At 10:54 PM, Anonymous Anonymous said...

This is gut-wrenching. I can't even believe how rigid and slow everything is over there. I will never complain about waiting again (well, I probably will, but at least not to you). I can only wish you clarity and conviction once you make this seemingly impossible decision. I'm sorry you even have to make it at all. Heidi (lost and finding)

At 2:03 AM, Blogger Patti said...

I've been a lurker for the past few weeks and finally decided maybe this was the time to speak up. My heart goes out to you. What a difficult decision you are facing. The system there really does seem set up to thwart infertiles from ever being able to have children. What ridiculously low age limits they have and then to move at the pace of molasses makes it all the worse. I had one thought that maybe could help, though, maybe not. I was wondering if it might be possible for you to give acupuncture a try while pursuing the adoption option? Would that be considered "infertility treatment"? Maybe the powers that be don't need to know why your going for acupuncture. I tend to find that most bureaucrats, insurance cos etc consider infertility treatment to be IVF and IUI. Now re acupuncture: I know it might sound a little weird and out there, but there's some evidence that it actually does help. I probably would have dismissed it as kind of kooky until I started reading articles that talked about women who had gone through IVF etc and had no luck who then had success with it. And then I read a book "The Infertility Cure" by Randine Lewis that convinced me to give it a try. It has definitely had a positive effect on my cycles, though no luck yet re pg. However, other women on an email list that I belong to have had success with it. It's just a thought. It can't hurt and maybe it could help and if you can fly under the radar with acupuncture, then maybe that wouldn't hurt your chances on adoption. It may not work, no guarantees, but then IVF isn't always a sure thing either.
I had some other thoughts re the "unexplained infertility" diagnosis, but you may not have the time... unless you decide to go for more treatment. I hate the "unexplained infertility" diagnosis. (That's what I had/have). In the U.S., the doctors are just way too quick to label you as "unexplained" and tell you your only choice is IVF. Turns out there are other tests and possible explanations, but, as one doctor put it to me: "I don't want to waste my time." Anyway, after all of this, just by way of background/introduction I've been ttc for 4.5 years, 3 miscarriages.
Good luck. I hope you and E. can figure this one out and be at peace whichever path you take.

At 2:19 AM, Blogger Kristin said...

What a tough, tough decision to make. Whichever route you chose, I hope it brings you your hearts desire.

At 3:46 AM, Blogger amyesq said...

Wow. It sounds like you are stuck in a Byzantine maze, threading your way through the best you can. Please let us know when you are closer to that door and you feel comfortable talking about your decision. We are here to support you.

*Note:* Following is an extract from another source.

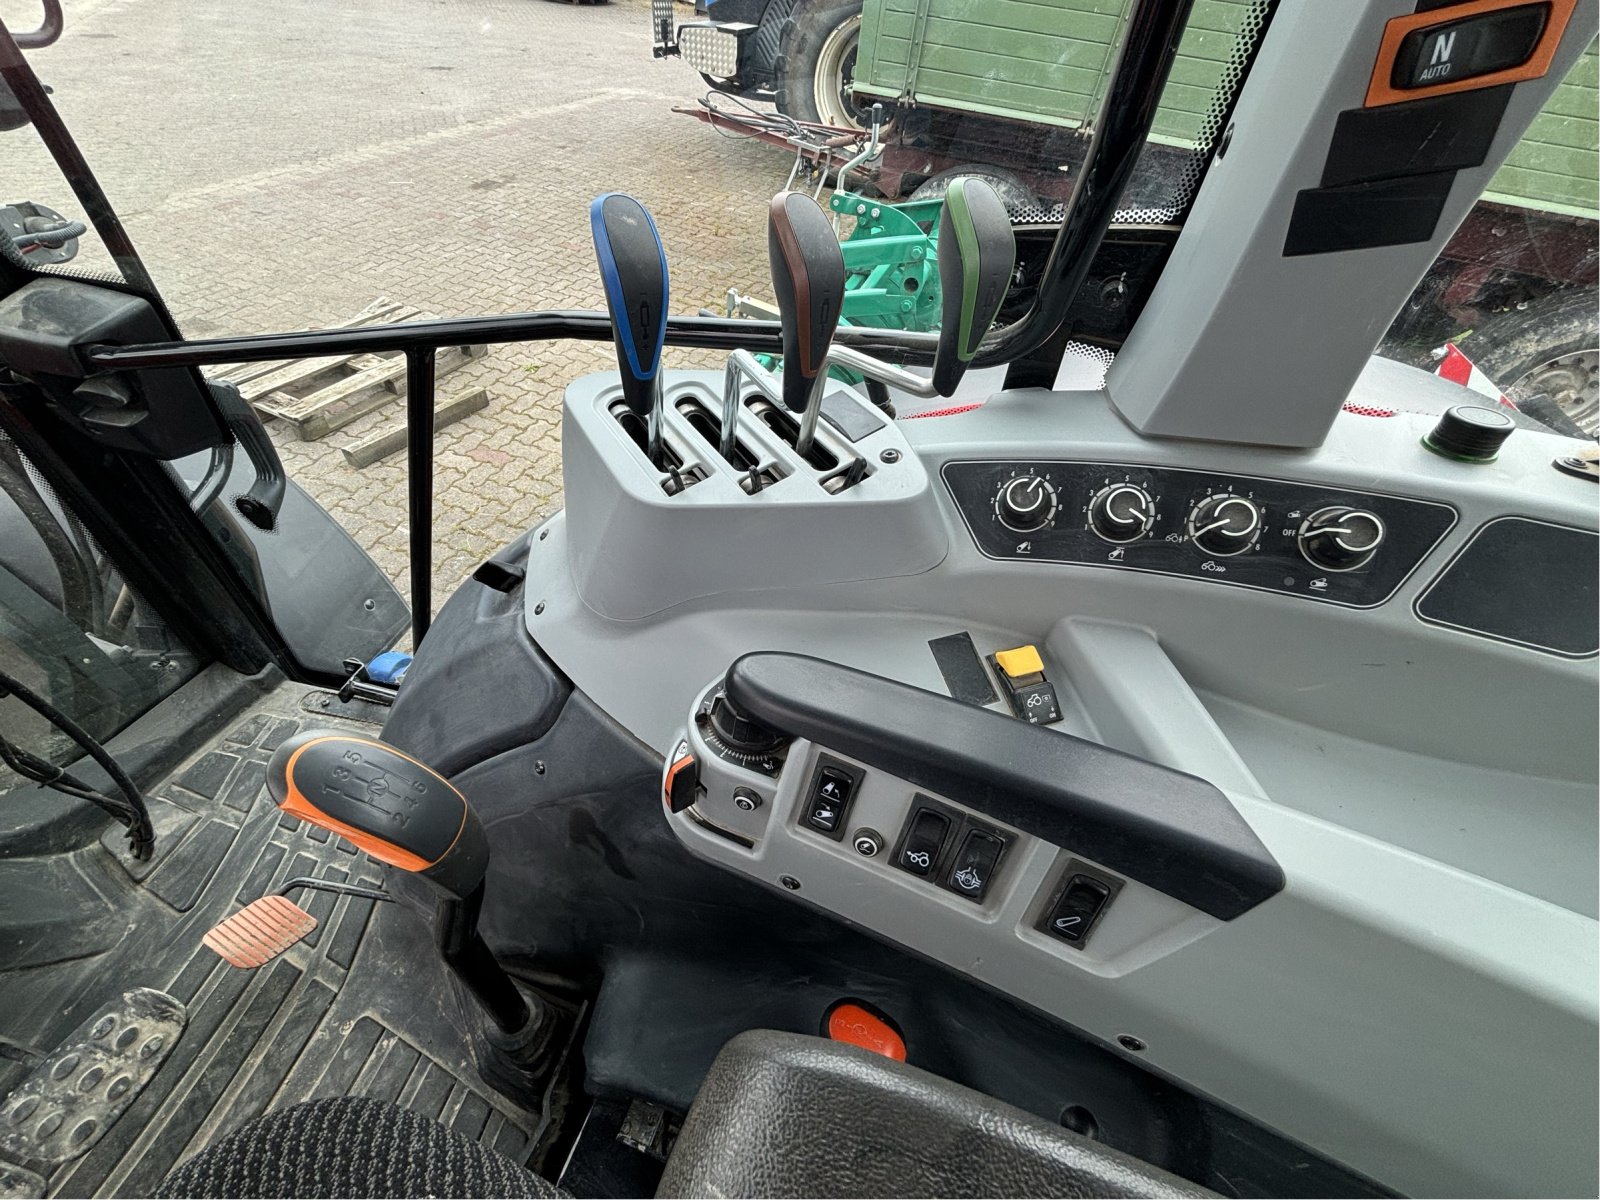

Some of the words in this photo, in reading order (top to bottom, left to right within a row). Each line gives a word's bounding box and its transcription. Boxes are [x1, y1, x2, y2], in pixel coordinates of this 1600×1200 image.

[1430, 31, 1457, 65] N
[1419, 63, 1451, 82] AUTO
[1282, 528, 1296, 537] OFF

At 6:05 AM, Blogger estel said...

I'm a bit of a lurker usually - so haven't posted before, but - I really feel for your dilemma. The adoption situation seems similar to the one here (Australia) - very long time to be processed, fertility treatment not allowed (indeed they require your contraception plan plus regular pregnancy tests), plus age limits. (Age limits are often imposed by the source countries - at least according to local literature.) And though we don't have the quite the same problems with a slow medical system it often ends up a choice of one or the other.

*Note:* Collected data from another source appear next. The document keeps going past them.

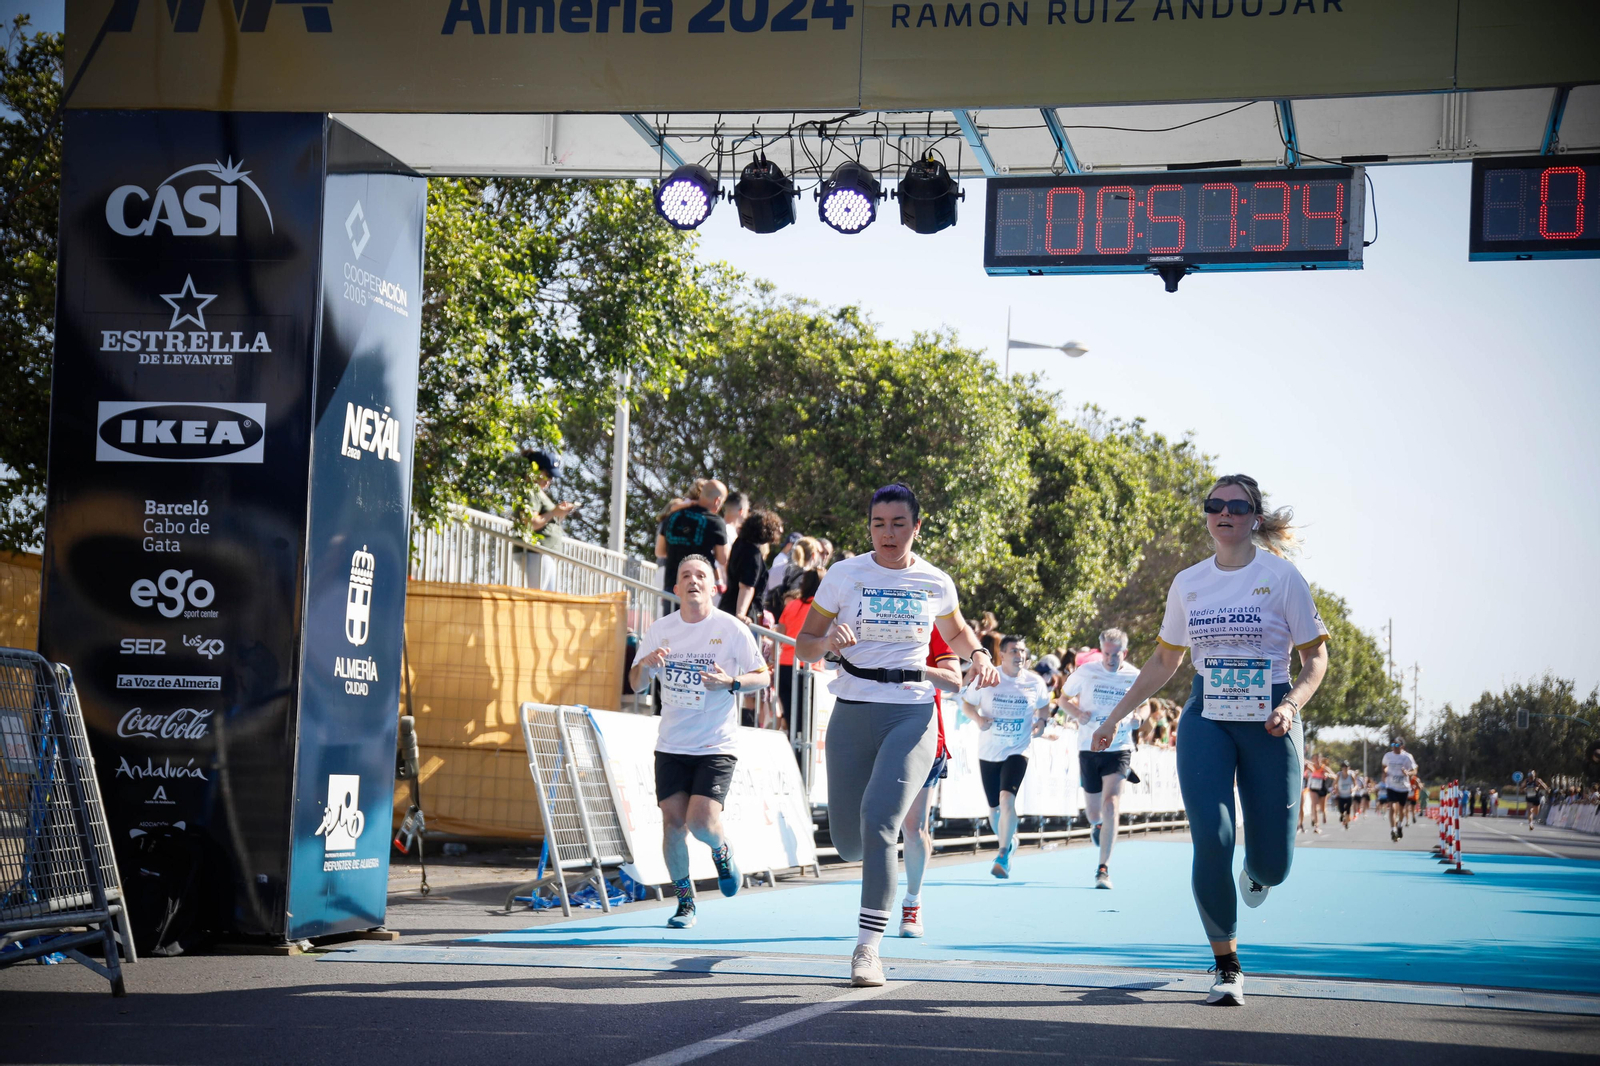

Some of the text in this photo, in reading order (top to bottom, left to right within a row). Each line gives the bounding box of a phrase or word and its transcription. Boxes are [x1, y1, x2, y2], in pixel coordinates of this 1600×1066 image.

[688, 0, 854, 33] 2024
[1047, 0, 1136, 25] RUIZ
[105, 184, 238, 237] CASI
[343, 261, 408, 307] COOPERACIÓN
[343, 281, 367, 307] 2005
[100, 330, 272, 353] ESTRELLA
[138, 353, 233, 366] DE LEVANTE
[120, 419, 246, 445] IKEA
[347, 446, 362, 461] 2020
[144, 499, 209, 516] Barceló
[143, 518, 210, 534] Cabo de
[142, 536, 181, 552] Gata
[130, 568, 215, 618] ego
[184, 609, 219, 619] sport center
[869, 597, 922, 616] 5429
[1190, 605, 1261, 617] Medio Maratón
[1188, 614, 1262, 627] Almería 2024
[1229, 625, 1263, 633] ANDÚJAR
[120, 638, 166, 655] SER
[686, 651, 716, 659] Maratón
[334, 655, 379, 682] ALMERÍA
[665, 668, 702, 686] 5739
[118, 677, 219, 689] La Voz de Almería
[1210, 668, 1266, 689] 5454
[345, 680, 369, 696] CIUDAD
[996, 722, 1022, 732] 5630
[115, 755, 209, 781] Andalucía

I guess we more slipped into the IVF route, with the now charmingly naive belief it would work since we were "only unexplained". But that choice now looks like limiting most other options a number of years down the track. Best to be aware before you start as you are.

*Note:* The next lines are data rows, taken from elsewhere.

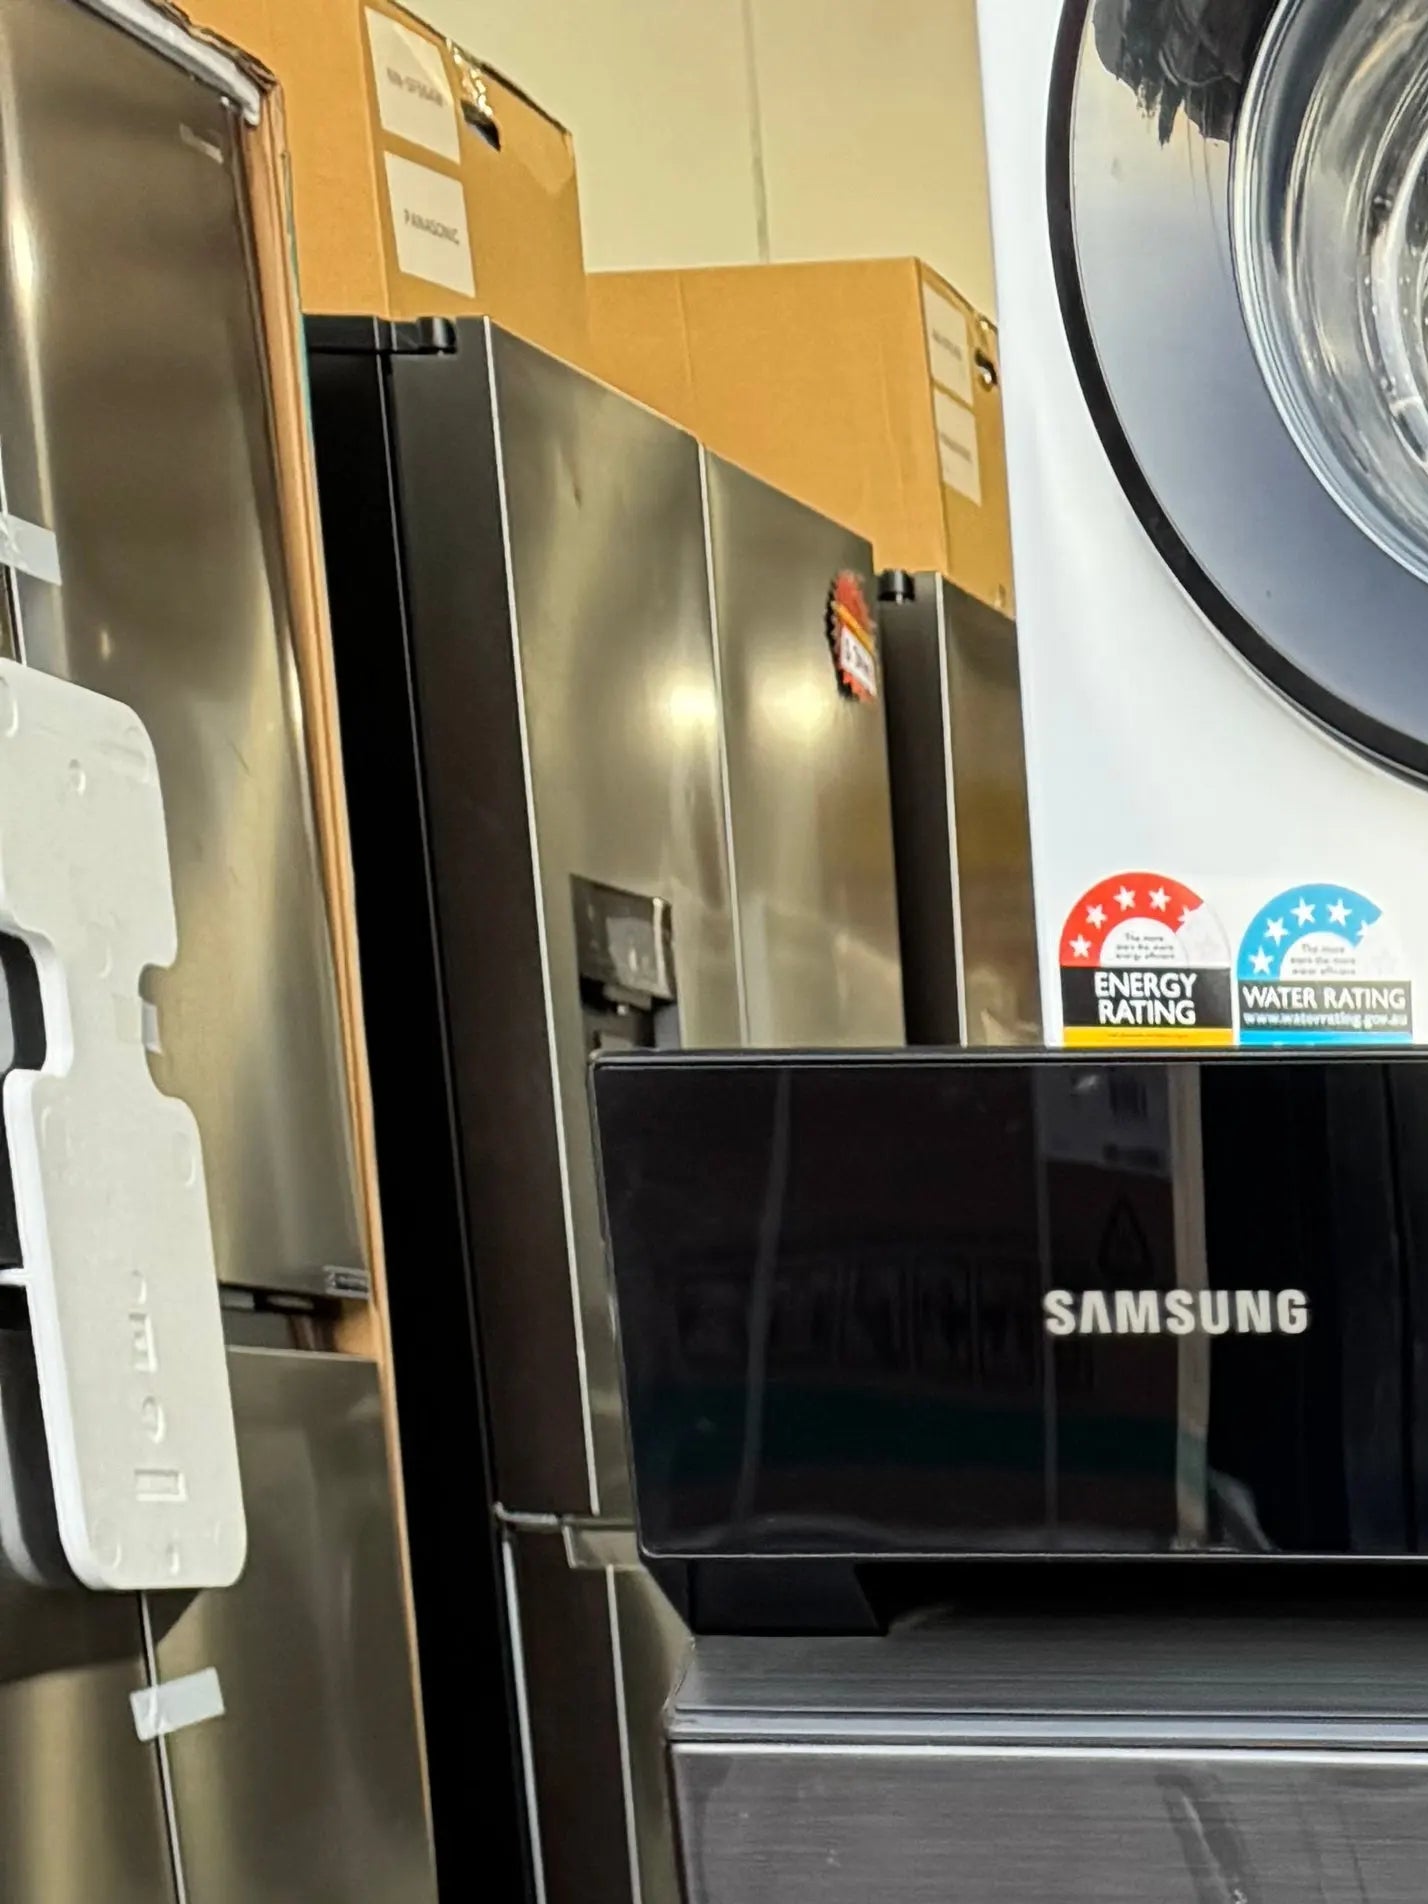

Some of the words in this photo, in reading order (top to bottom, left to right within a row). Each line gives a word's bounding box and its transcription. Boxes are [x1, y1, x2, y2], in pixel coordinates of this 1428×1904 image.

[1094, 971, 1197, 999] ENERGY
[1242, 986, 1317, 1009] WATER
[1323, 987, 1406, 1010] RATING
[1098, 999, 1196, 1025] RATING
[1043, 1289, 1309, 1335] SAMSUNG

I would say that a year of treatment is probably optimistic - unless you are either successful early on or do a cycle and realise you just can't stand it. Also, unexplained may be due to very real problems. In our case, we found that we needed ICSI to achieve fertilisation. So one year of IUIs was a complete waste for us. IUIs are a very standard way to start treatment if you're unexplained. If you do go the ART way, keep a firm limit on the number IUIs. IVF can show up problems that IUIs won't.

Good luck with your difficult choices.